Much of the discussion regarding social media has increasingly pivoted towards content moderation. Not surprisingly though, considering the contested role of social media in affecting democratic election outcomes, allowing space for right wing movements as well as enabling disinformation. International scrutiny on how social media platforms moderate the user generated content has found great emphasis in legal regulations, notably Germany’s NetzDG Network Enforcement Law, India’s draft bill on intermediary liability, relocation of distribution networks such as Telegram (messaging app) in Iran, Indonesia’s pressure on Chinese social media Bytedance to set up content moderation units in the country, and others. Freedom of expression on one hand and its antithesis in curtailment of speech for national or commercial interests on the other, have been the two dominant positions within which analysis of content moderation has been described. The production model of content moderation and the lurking labour industry behind it however, have remained obfuscated.
Sana Ahmad is a PhD Student in Research Group 1 "Work in Highly Automated, Digital-Hybrid Processes" at the Weizenbaum Institute.
There are several reasons that come to mind. But one that really stands out is the lack of clarity on what a platform really is and how it is supposed to function. Last year’s court hearing in the United States saw Facebook defending its right to retain or delete certain content on the platform within its rights as a ‘publication’. This is an interesting turn of events, considering that Mark Zuckerberg from the onset has defined the product as Facebook platform. For what is worth, this is not just a definitional fallacy that can be extrapolated of Facebook. In a recent article, ‘The Platform Excuse is Dying’ the author observes, “If the concept of a platform sounds confused, that’s actually the power of the metaphor”. The ‘platform’ metaphor which has since mid-2000s been associated with social networking sites, has allowed social media companies to tip-toe the definitional categories and in the meanwhile, enormously scale-up and generate value from collection, monitoring and monetizing of user-generated data.

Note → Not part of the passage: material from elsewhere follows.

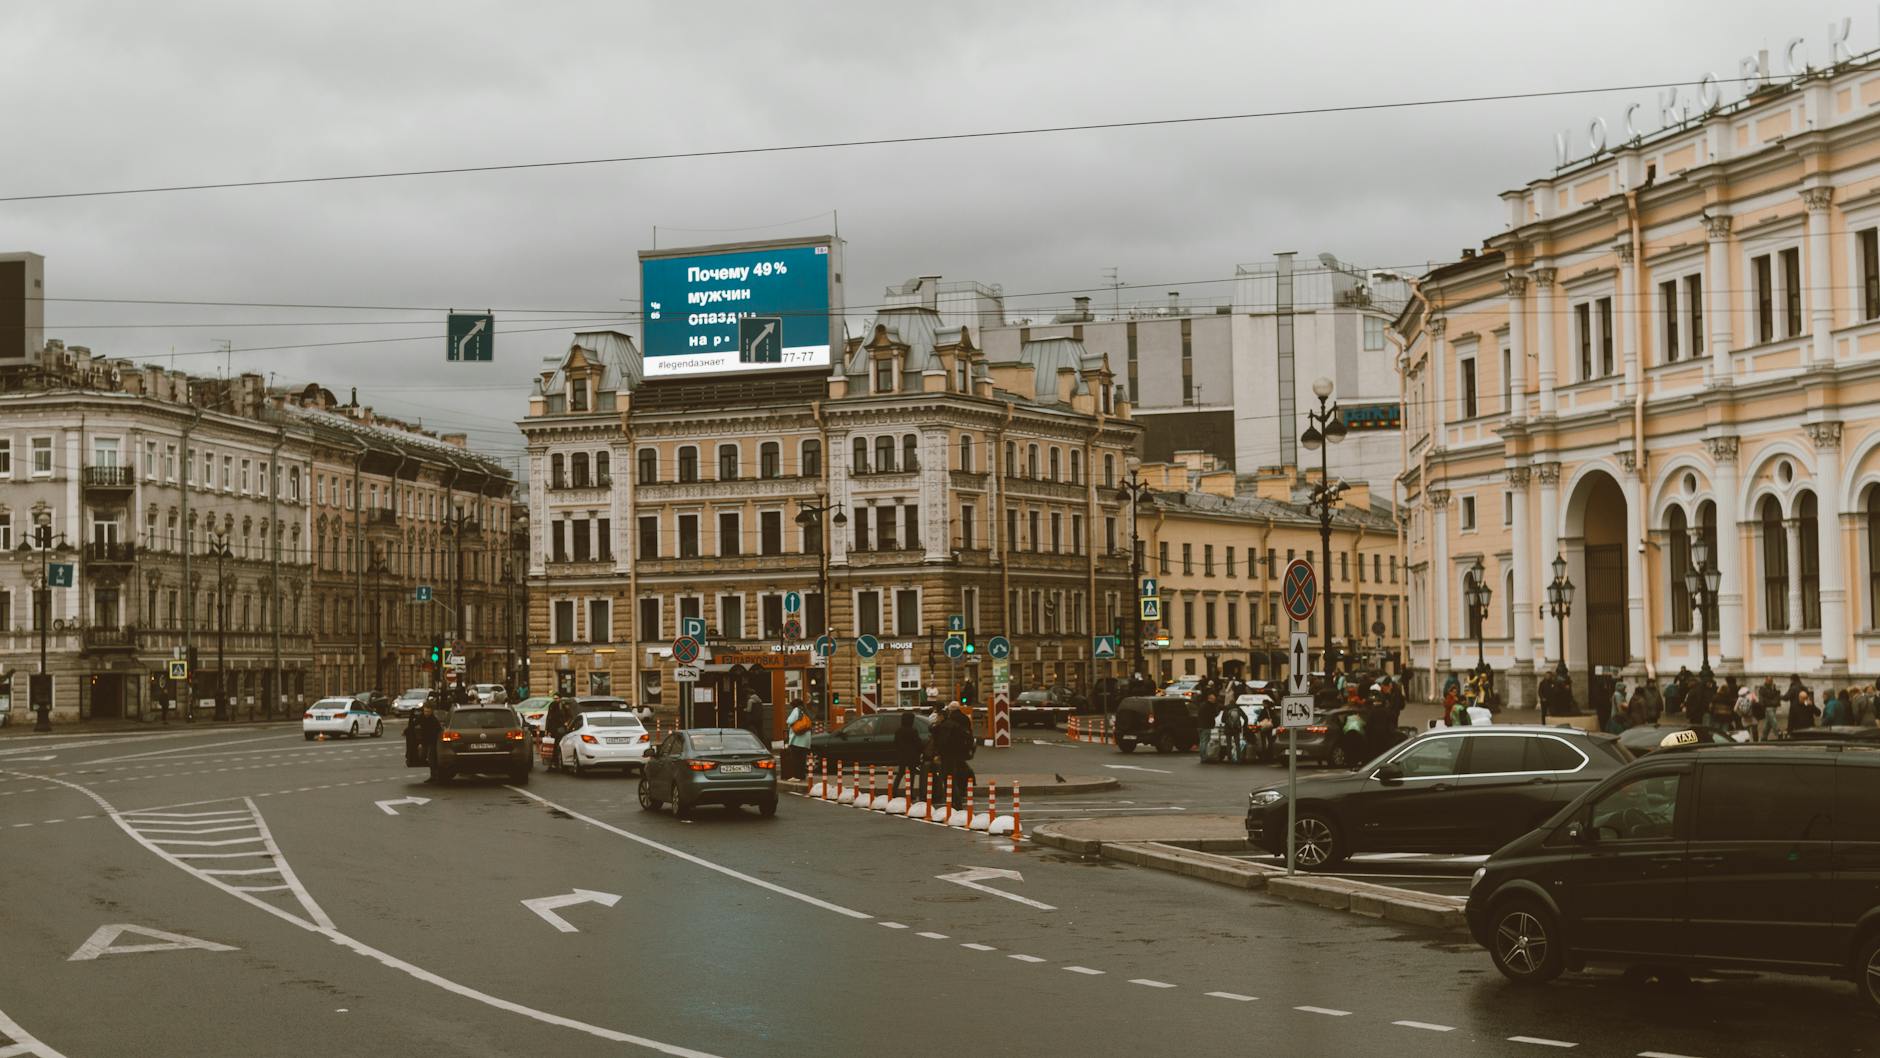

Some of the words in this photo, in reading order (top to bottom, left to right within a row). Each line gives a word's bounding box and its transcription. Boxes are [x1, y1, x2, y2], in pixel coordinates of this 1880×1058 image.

Content moderation is one of those functional layers of social media platforms, which seems more nebulous once the labour question is touched upon. In my research on this subject, I have been engaged with answering questions on the production model of content moderation, the offshored work processes and the labour conditions of contracted moderators in India. And these are extremely difficult questions to answer. It is not just the conceptual ambiguity but also the methodological uncertainties that permeate the grounds on which new global divisions of labour can be studied. Right from gaining access to the field, to securing interviews to even being subject to gendered behaviours and biases from some interviewees; it has been challenging to find new patterns of business practices in content moderation. Where there is some literature available on the subject, it has mostly been concentrated in a few regions of the Global North.
India has since long maintained its position in the global offshored services market and the sector of information and communications technology offshored services in the country is steadily adapting to demands for new expertise. This has also come to include content moderation, which is a back-end, non-voice business process and it can be situated within the operations department of the Information Technology Business Process Outsourcing offices. Workers, bound by quality and quantity targets, look at the flagged social media user generated content such as text, images, gifs, and videos and make decisions to allow or delete the content, according to guidelines provided by social media clients. Considering the large process scale, these decisions are often to be made within a few seconds and require adept knowledge of manuals and guidelines, very high concentration as well as distantness to the sensitive and often psychologically-distressing content.
The three and half months of steady fieldwork in India did not just result in 38 hour-long interviews with a diverse range of participants including content moderators, contracting companies, trade unions, civil society organisation and local social media companies, but also refined the lens through which I had expected to study content moderation on the field. For starters, content moderation is a rarely-used business terminology in India, a learning which I was constantly confronted with while trying to access the interviewees, many who were unable to grasp the meaning of this term. Added to this was the dilemma of addressing content moderation either as a novel type of work or an archetype of call centre service industry with advanced analytics.
What resulted was a series of multi-layered examinations of ICT business models, disclosure on the field and discourses on content moderation. This is a long and arduous process and will consume my foreseeable future in analysing why content moderation is an expanding business process in the service industry in India, what kind of skills are required for moderating these platforms and if they are replaceable by automated technologies. I may not be able to produce definitive answers but at least contribute towards a starting point.